Table of Contents

Initial setup

I recently did a manual S-CLI configuration for a VPN-L2 IPSec under HiveManager NG with the Build Version: 11.17.8.1. In my case, the VPN Server was an Access Point AP250 and two different AP130 as a VPN Client.

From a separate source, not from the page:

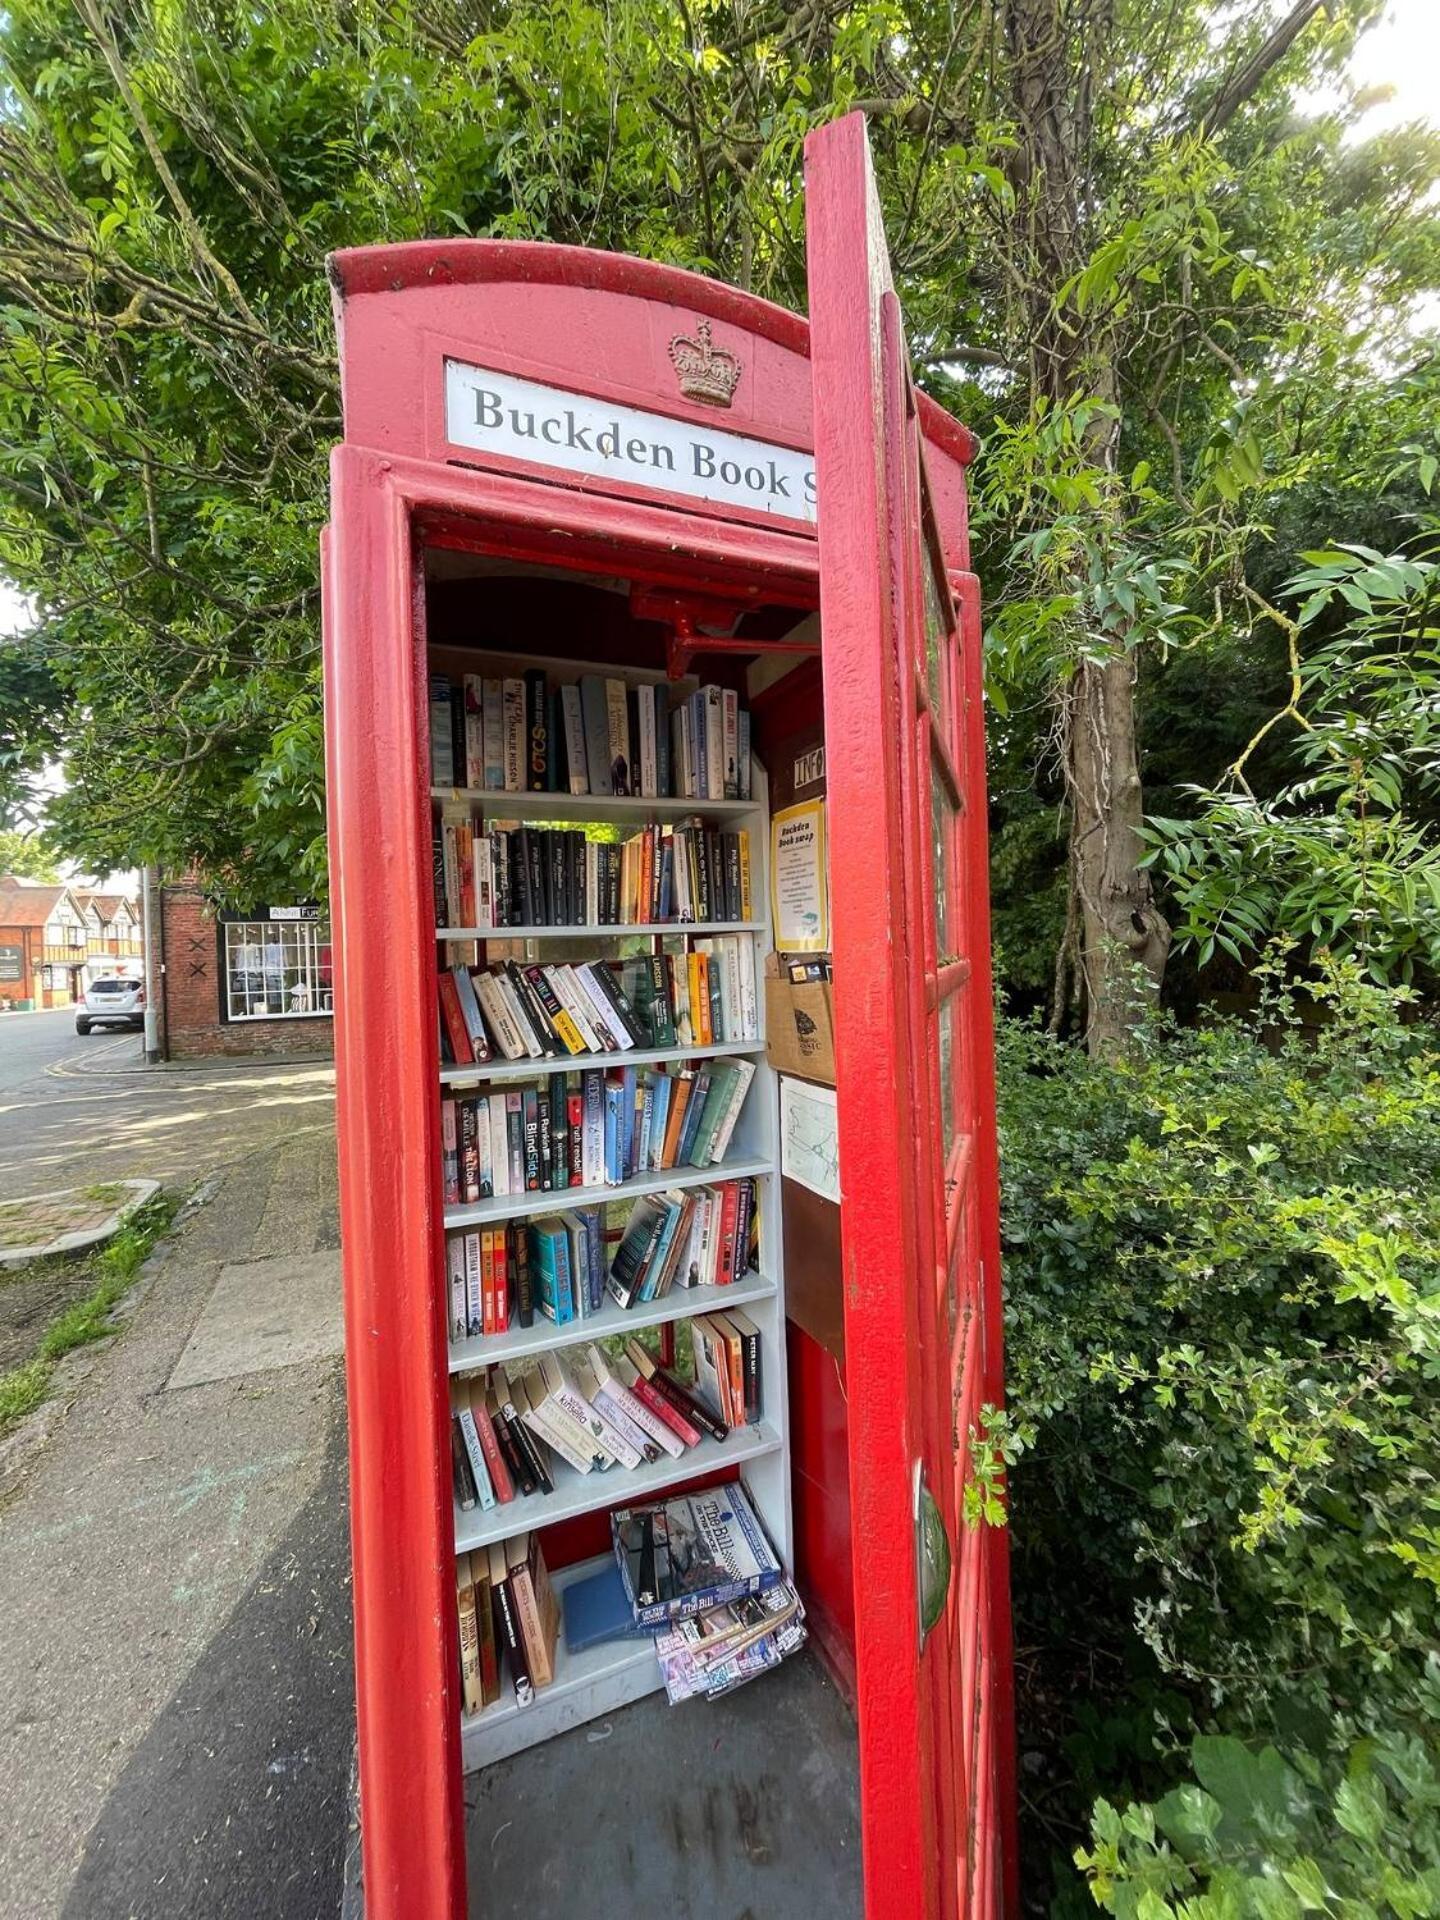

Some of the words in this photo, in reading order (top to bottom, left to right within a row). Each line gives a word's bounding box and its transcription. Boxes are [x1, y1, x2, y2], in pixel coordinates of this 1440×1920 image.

As a quick remind, the main objects you need:

VPN pool client size - in my case only four
VPN IP Server - an 802.11ac access point or a Virtual HiveOS server
HiveManager NG Certificates - you have to download from NG (Default_CA.cer, Default-Server_cert.cer, Default-Server_key.cer)

Server Supplemental CLI

This is the Supplemental CLI, Server side:

vpn client-ip-pool VPN-IP-Pool local 192.168.5.100 192.168.5.103 netmask 255.255.255.252
vpn xauth-client-list VPN-Client-List local
vpn server-ipsec-tunnel VPN-Primary-Server
vpn ipsec-tunnel VPN-Primary-Server client-list VPN-Client-List client-ip-pool VPN-IP-Pool dns-server 192.168.5.2
vpn tunnel-policy vpn_tunnel_policy server ipsec-tunnel VPN-Primary-Server
vpn xauth-client-list VPN-Client-List client-name AP130-001 password Static-Password-001
vpn xauth-client-list VPN-Client-List client-name AP130-002 password Static-Password-002

The management interface of the server is 192.168.5.10

Client Supplemental CLI

AP130-001 is the first VPN client and AP130-002 is the second client. Pick up a password for each one and build your client side S-CLI: In this case 192.168.5.10 is the VPN Server, the AP250.

Client n.1:

vpn client-ipsec-tunnel VPN_client_ipsec_1
vpn ipsec-tunnel VPN_client_ipsec_1 gateway 192.168.5.10 client-name AP130-001 password Static-Password-001
vpn tunnel-policy vpn_tunnel_policy client ipsec-tunnel VPN_client_ipsec_1 primary
user-profile UserProfile-VPN-IPSec tunnel-policy vpn_tunnel_policy

Client n.2:

vpn client-ipsec-tunnel VPN_client_ipsec_2
vpn ipsec-tunnel VPN_client_ipsec_1 gateway 192.168.5.10 client-name AP130-002 password Static-Password-002
vpn tunnel-policy vpn_tunnel_policy client ipsec-tunnel VPN_client_ipsec_1 primary
user-profile UserProfile-VPN-IPSec tunnel-policy vpn_tunnel_policy

User profile configuration

Under the Network Policy, the UserProfile-VPN-IPSec of the choosed SSID should be like this:

manual_VPN_L2_HiveOS.png

Certificates

Now it’s time to copy the CA and the Server Certs file (key and cert). Copy the files under a local folder (here /Users/roberto/NG), and start to save into the AP:

save vpn ca-cert scp://roberto@192.168.10.120:/Users/roberto/NG/Default_CA.cer
save vpn ee-cert scp://roberto@192.168.10.120:/Users/roberto/NG/Default-Server_cert.cer
save vpn private-key scp://roberto@192.168.10.120:/Users/roberto/NG/Default-Server_key.cer

You have to do it for all the devices.

Check the status of your VPN health with:

show vpn ipsec sa

Enjoy!